(Image-backed grounding data)
---

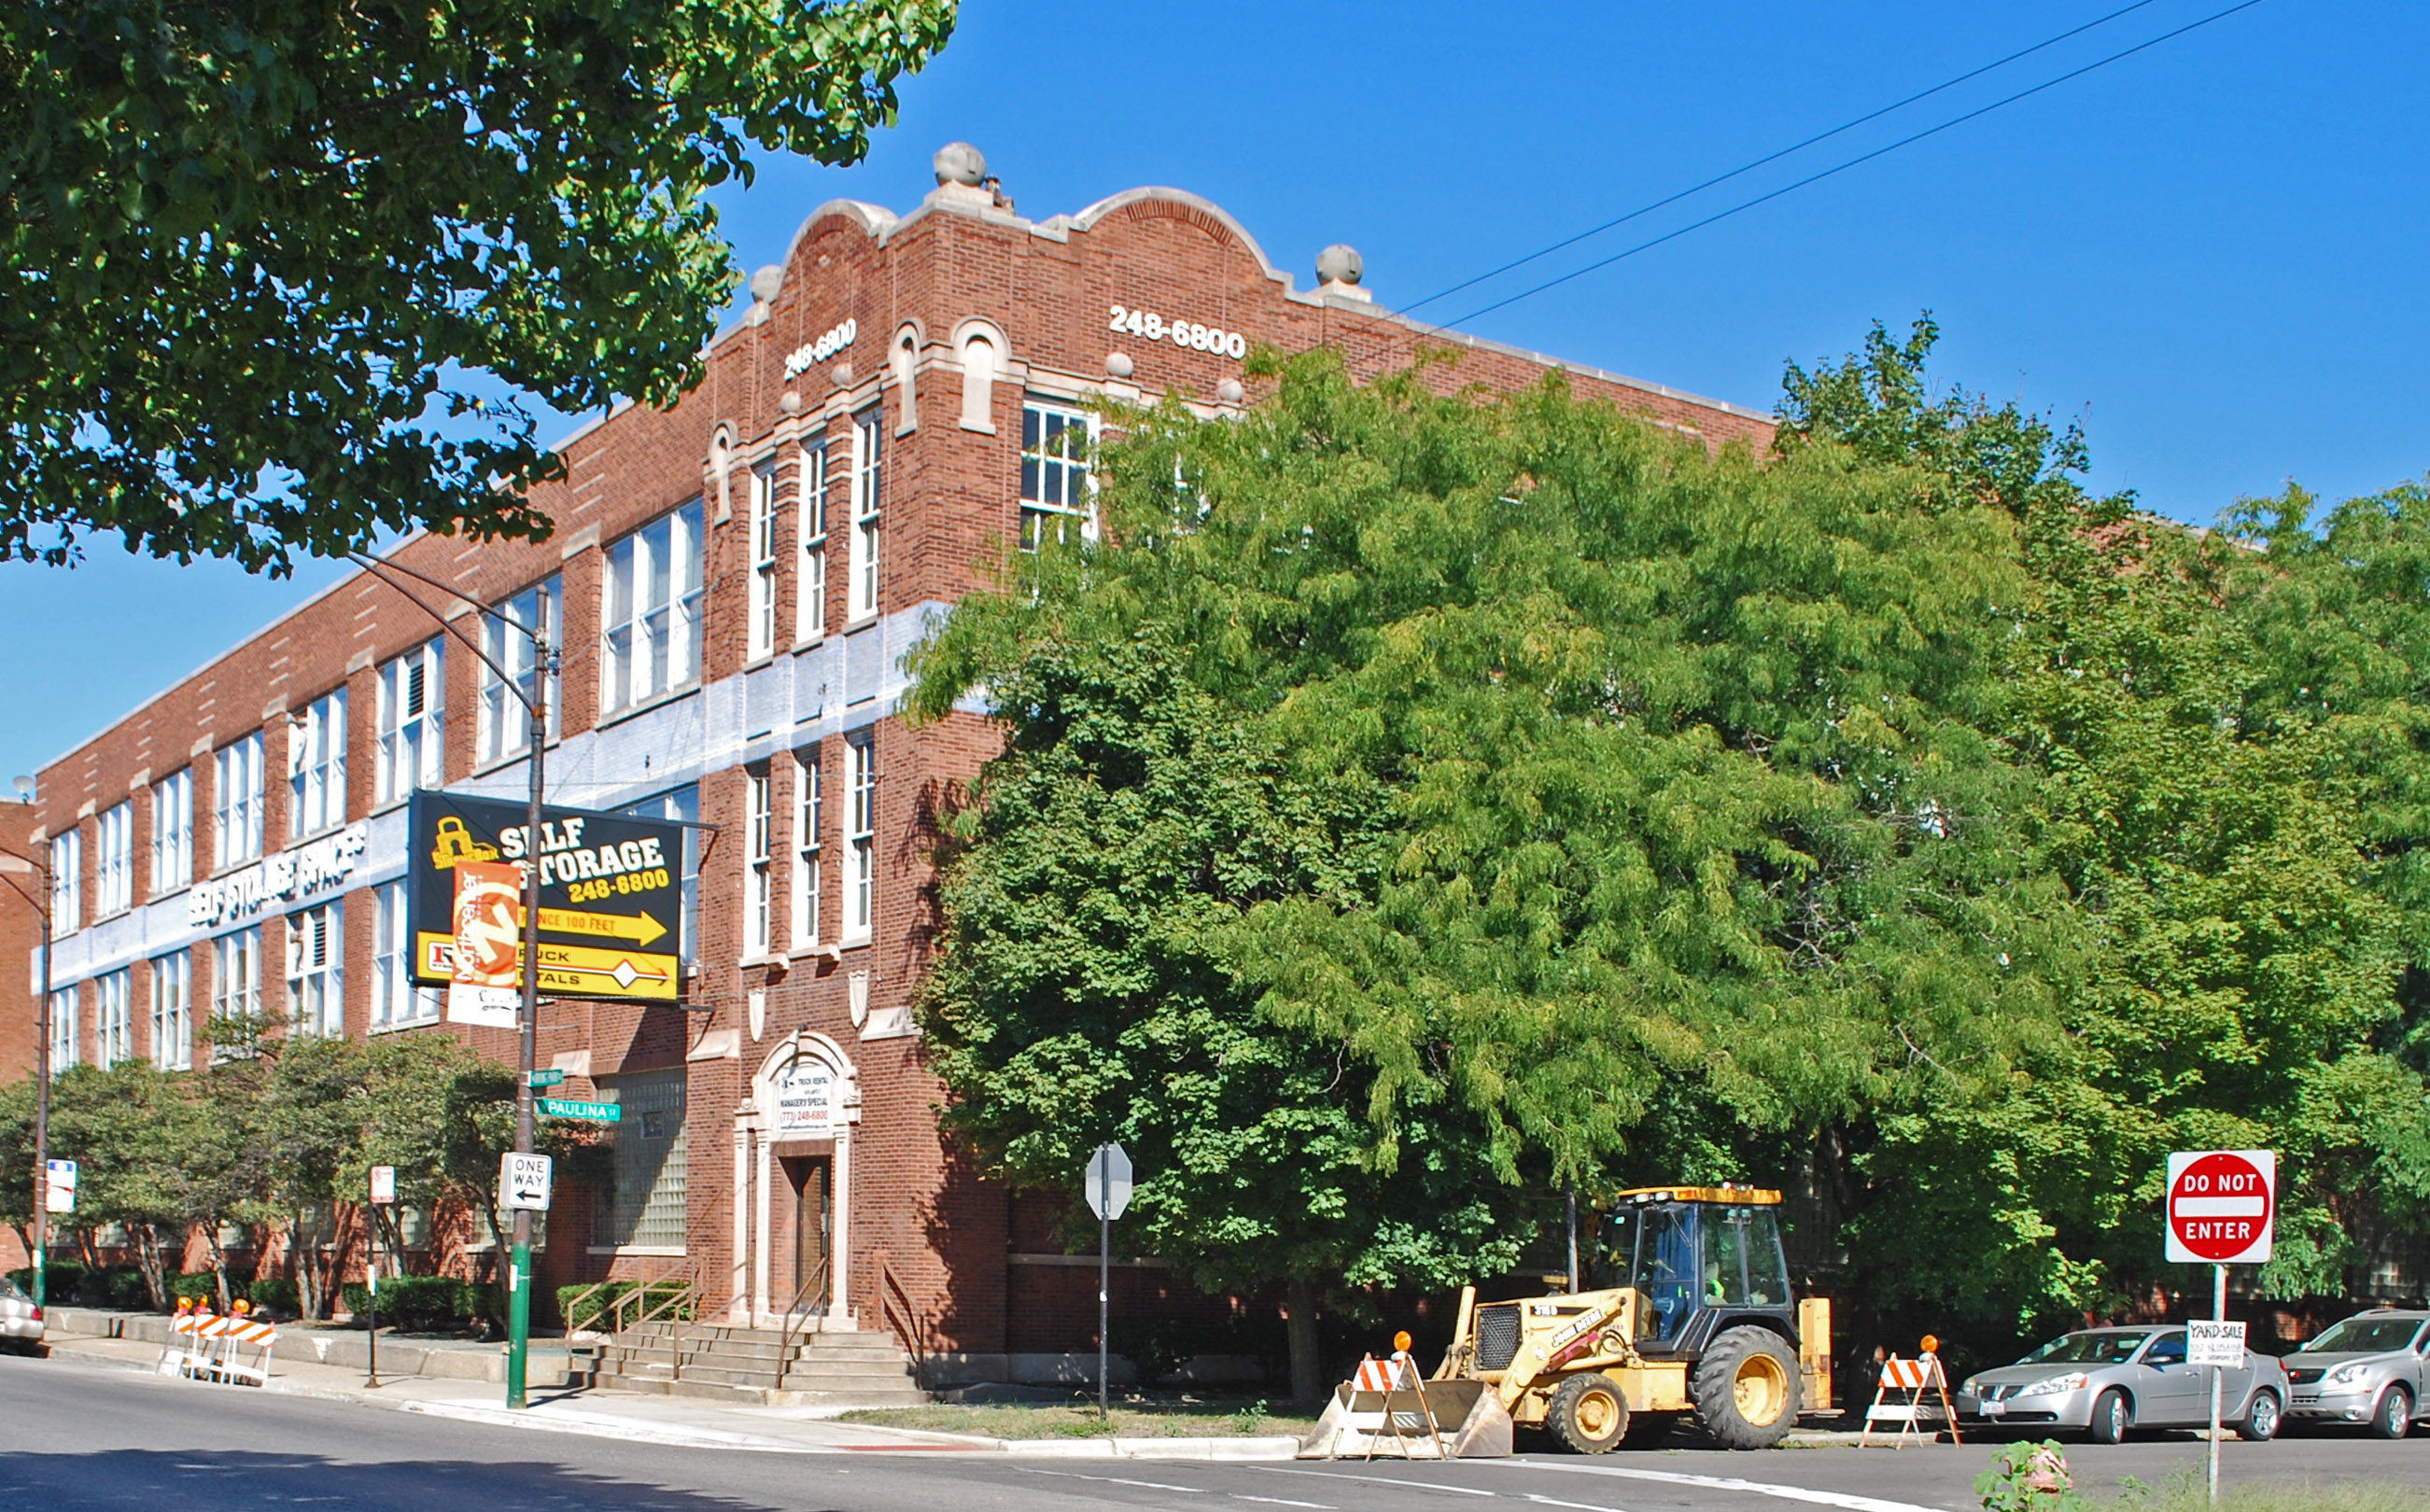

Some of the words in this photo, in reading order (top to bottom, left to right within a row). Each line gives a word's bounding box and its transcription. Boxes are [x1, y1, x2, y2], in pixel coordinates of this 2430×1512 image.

[1109, 304, 1246, 359] 248-6800
[784, 317, 857, 382] 248-6800
[568, 868, 670, 903] 248-6800
[566, 916, 586, 929] 100
[589, 918, 616, 931] FEET
[548, 1101, 607, 1118] PAULINA
[808, 1098, 828, 1108] SPECIAL
[515, 1159, 544, 1173] ONE
[514, 1173, 544, 1187] WAY
[2184, 1174, 2210, 1192] DO
[2218, 1173, 2257, 1191] NOT
[2185, 1222, 2251, 1239] ENTER
[1552, 1325, 1577, 1347] JOHN
[1574, 1309, 1602, 1333] DEERE

---

● **PROBLEM DESCRIPTION**
Copy out all of the entries exactly as they stand, with no pictures in your copy.

● **YOUR RESPONSE**
Some of the words in this photo, in reading order (top to bottom, left to right within a row). Each line gives a word's bounding box and its transcription. Boxes are [x1, y1, x2, y2], in pixel coordinates of this 2430×1512 image.

[1109, 304, 1246, 359] 248-6800
[784, 317, 857, 382] 248-6800
[568, 868, 670, 903] 248-6800
[566, 916, 586, 929] 100
[589, 918, 616, 931] FEET
[548, 1101, 607, 1118] PAULINA
[808, 1098, 828, 1108] SPECIAL
[515, 1159, 544, 1173] ONE
[514, 1173, 544, 1187] WAY
[2184, 1174, 2210, 1192] DO
[2218, 1173, 2257, 1191] NOT
[2185, 1222, 2251, 1239] ENTER
[1552, 1325, 1577, 1347] JOHN
[1574, 1309, 1602, 1333] DEERE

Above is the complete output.